= AVAILABLE DATA =
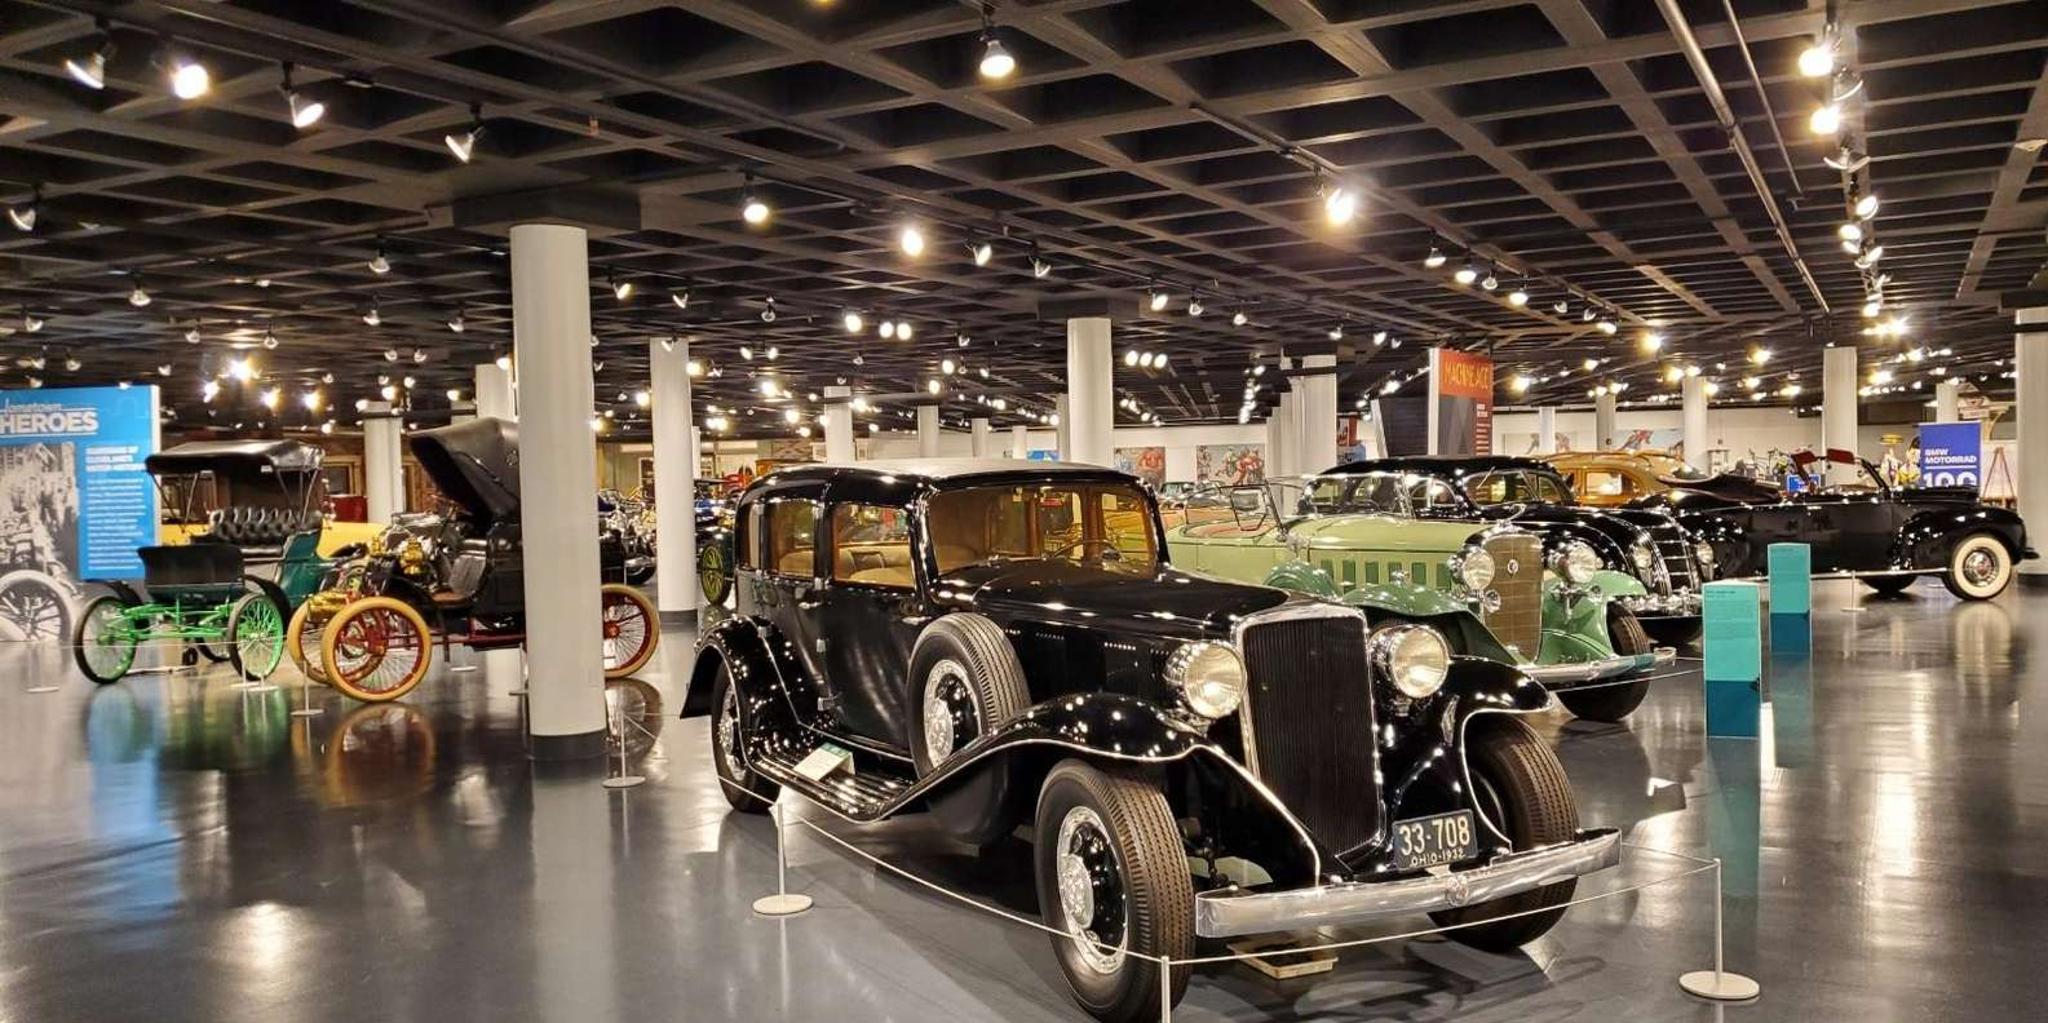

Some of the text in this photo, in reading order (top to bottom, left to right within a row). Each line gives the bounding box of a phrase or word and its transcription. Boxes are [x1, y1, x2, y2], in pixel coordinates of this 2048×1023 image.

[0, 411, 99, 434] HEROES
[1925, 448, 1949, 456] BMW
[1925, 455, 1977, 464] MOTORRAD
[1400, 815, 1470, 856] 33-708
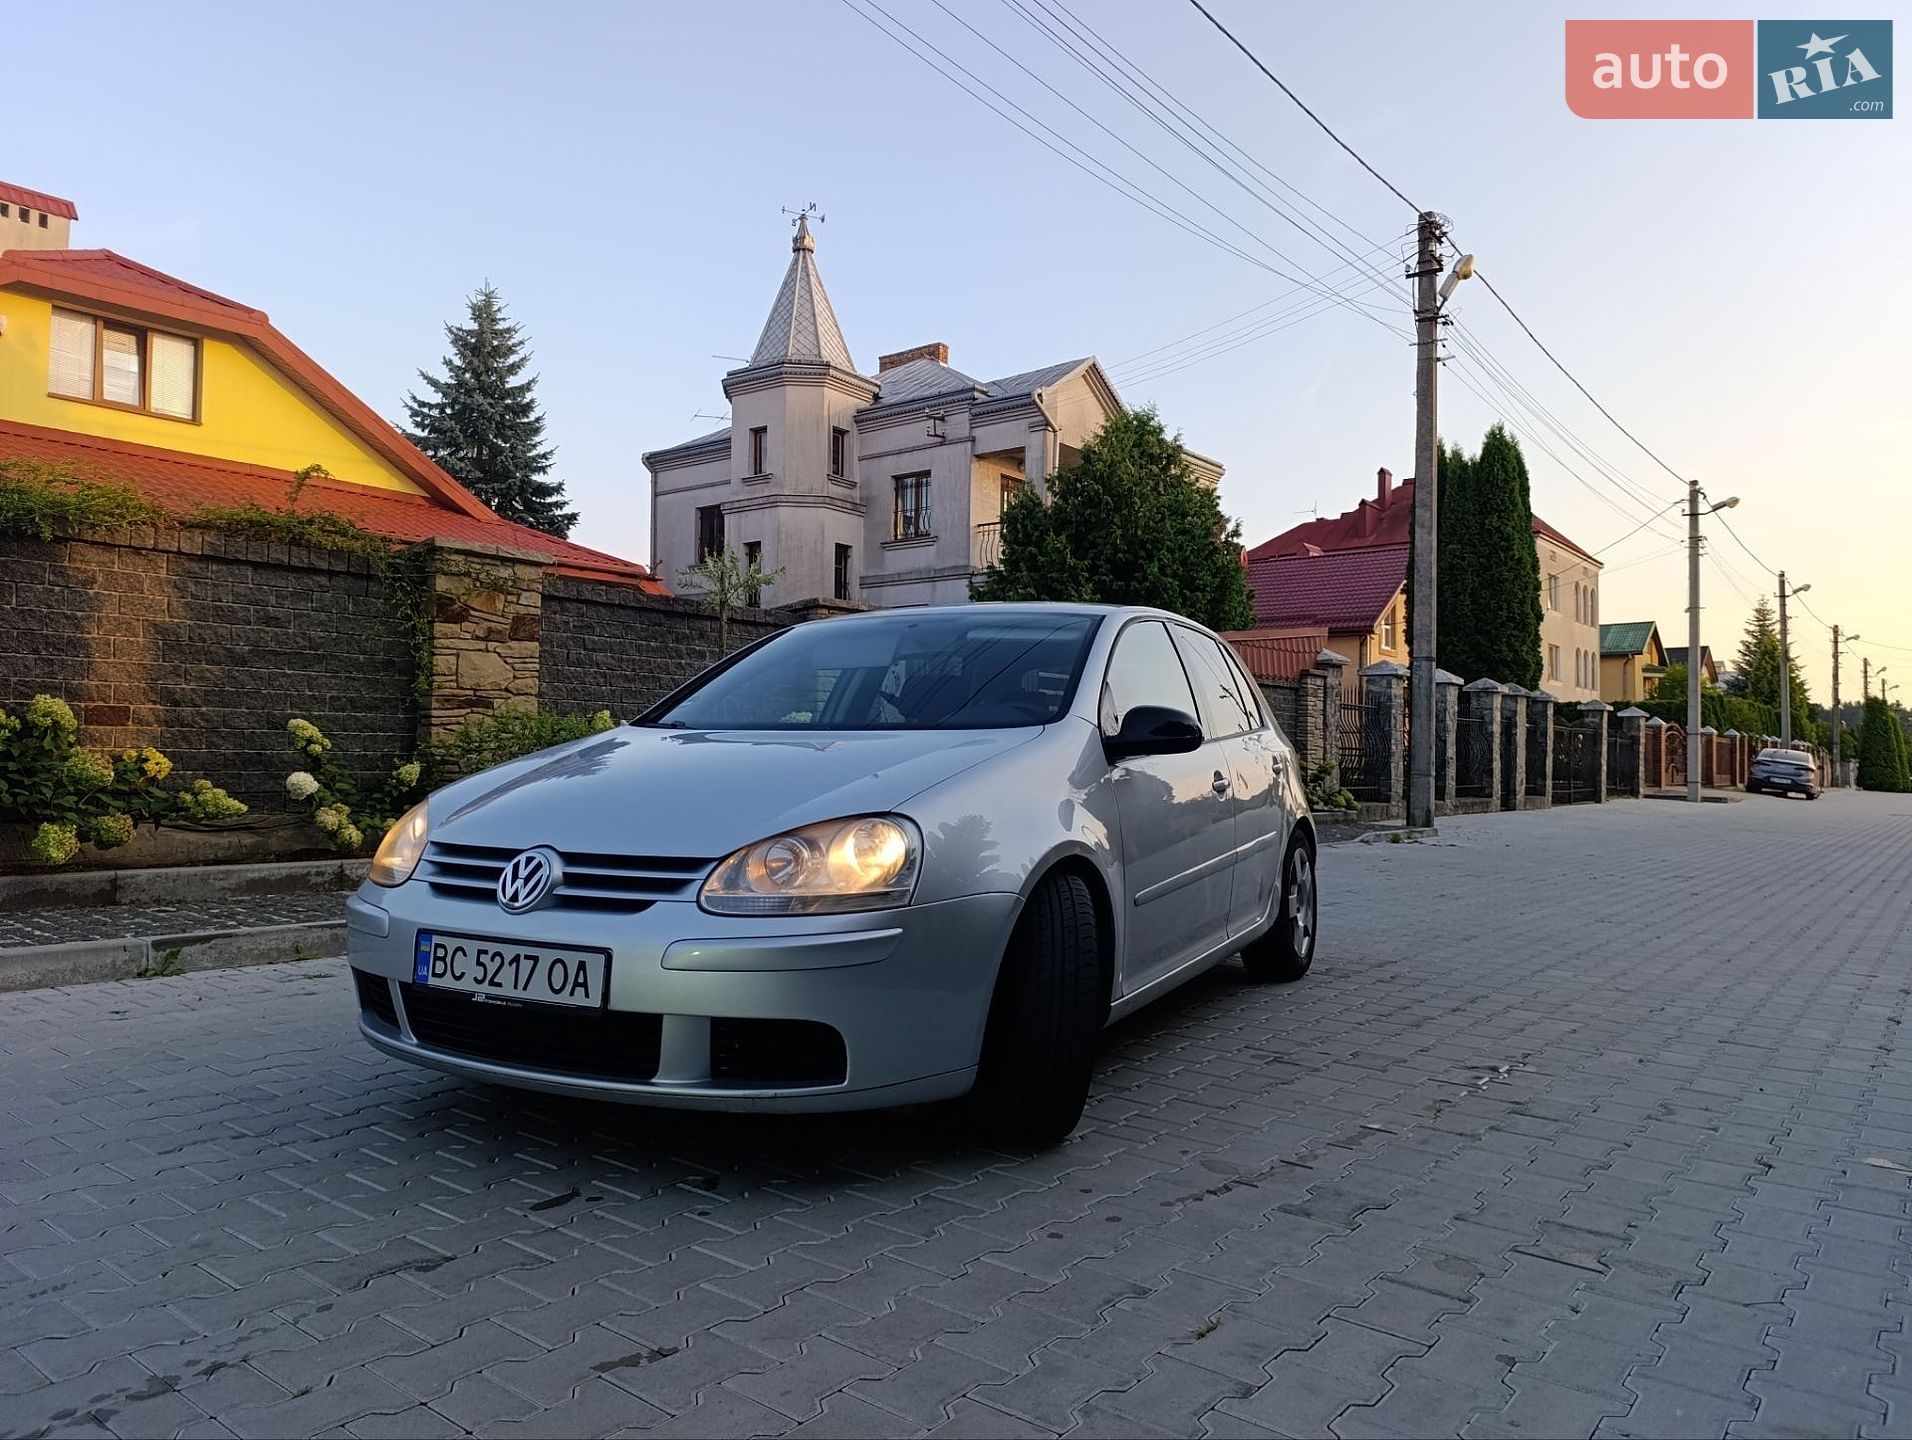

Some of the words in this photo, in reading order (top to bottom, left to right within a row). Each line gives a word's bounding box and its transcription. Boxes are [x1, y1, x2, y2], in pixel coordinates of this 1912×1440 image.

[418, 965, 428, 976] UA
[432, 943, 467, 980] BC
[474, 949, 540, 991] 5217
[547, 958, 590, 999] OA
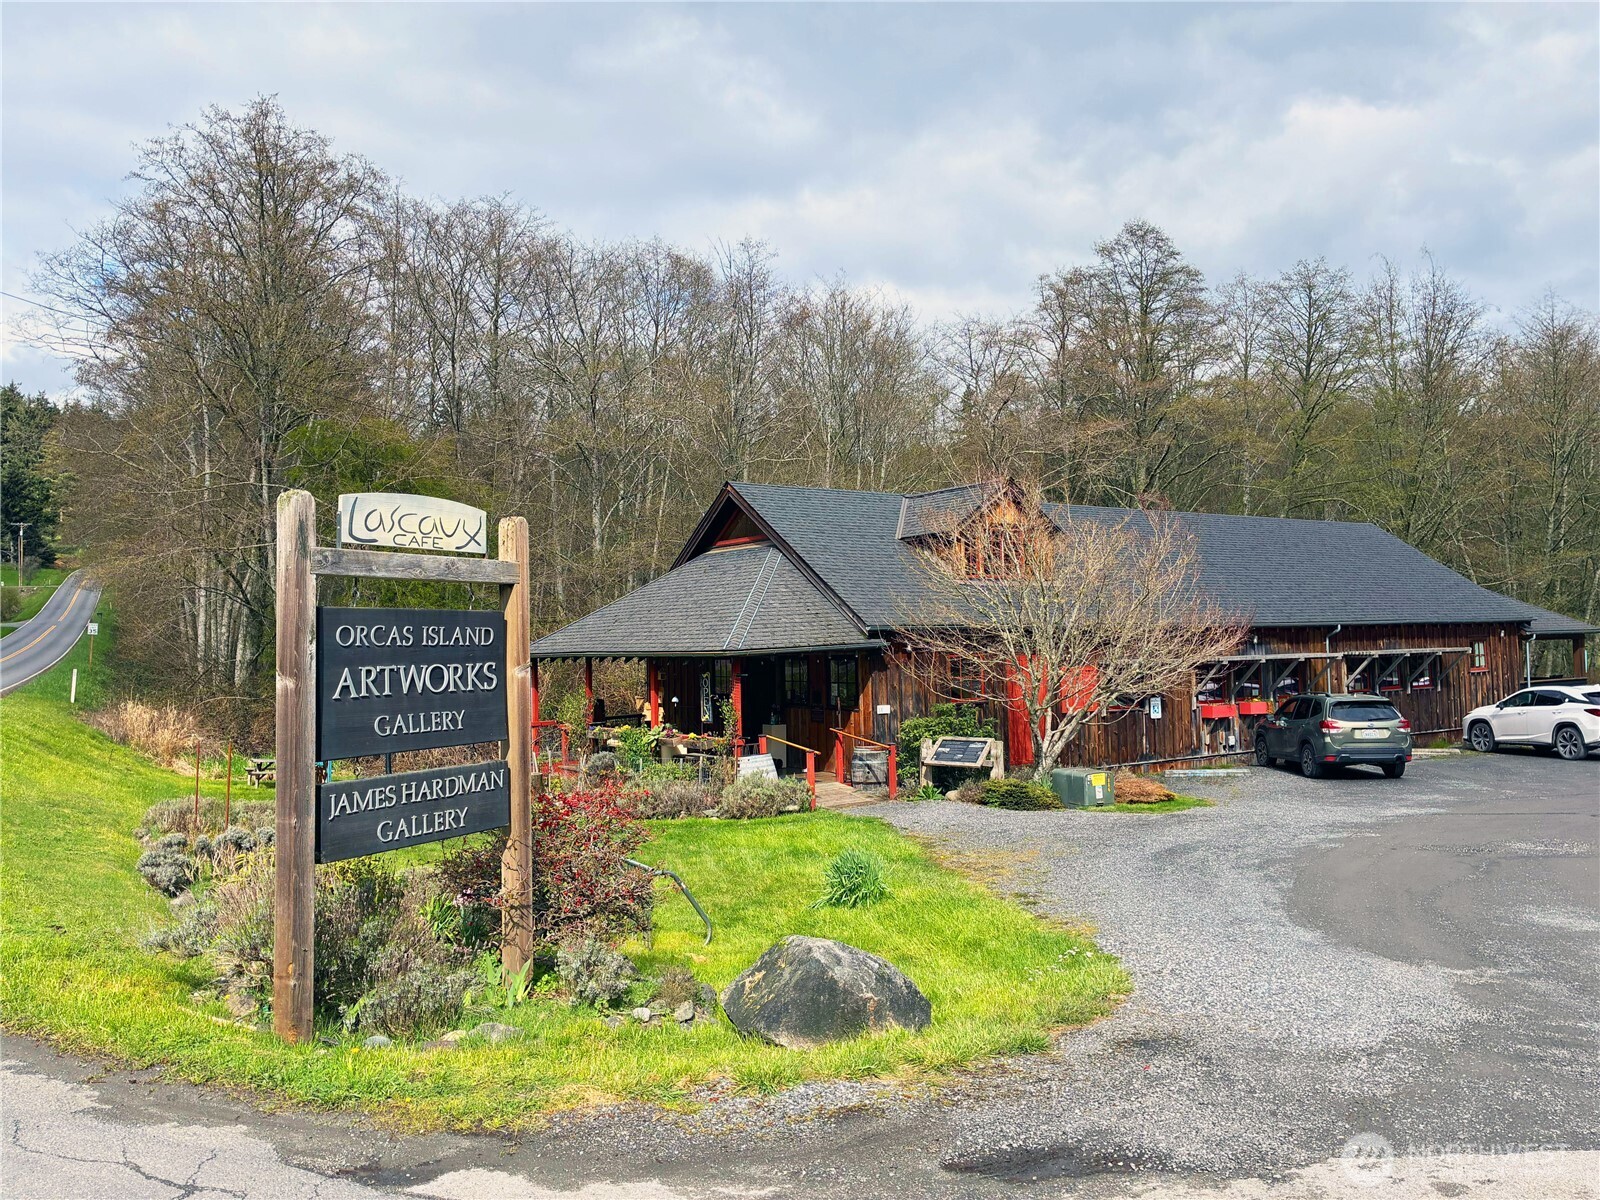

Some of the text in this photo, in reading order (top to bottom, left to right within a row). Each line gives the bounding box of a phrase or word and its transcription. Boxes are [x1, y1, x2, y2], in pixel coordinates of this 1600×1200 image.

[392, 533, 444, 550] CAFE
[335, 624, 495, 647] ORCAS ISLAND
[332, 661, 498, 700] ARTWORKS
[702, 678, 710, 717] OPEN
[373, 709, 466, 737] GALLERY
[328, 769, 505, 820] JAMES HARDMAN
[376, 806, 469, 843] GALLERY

= ASSIGNED TASK =
Take the line containing "Some of the words" as the first line and the last line of the data above as the final one, and output exactly the lines between them, inclusive, with no pictures.

= PROBLEM SOLUTION =
Some of the words in this photo, in reading order (top to bottom, left to right within a row). Each line gives a word's bounding box and its transcription. Boxes are [x1, y1, x2, y2], in pixel coordinates of this 1912×1440 image.

[418, 965, 428, 976] UA
[432, 943, 467, 980] BC
[474, 949, 540, 991] 5217
[547, 958, 590, 999] OA

Some of the text in this photo, in reading order (top to bottom, left to right within a row). Each line gives the bounding box of a phrase or word and its transcription. Boxes are [x1, y1, x2, y2], in pixel coordinates of this 1600×1200 image.

[392, 533, 444, 550] CAFE
[335, 624, 495, 647] ORCAS ISLAND
[332, 661, 498, 700] ARTWORKS
[702, 678, 710, 717] OPEN
[373, 709, 466, 737] GALLERY
[328, 769, 505, 820] JAMES HARDMAN
[376, 806, 469, 843] GALLERY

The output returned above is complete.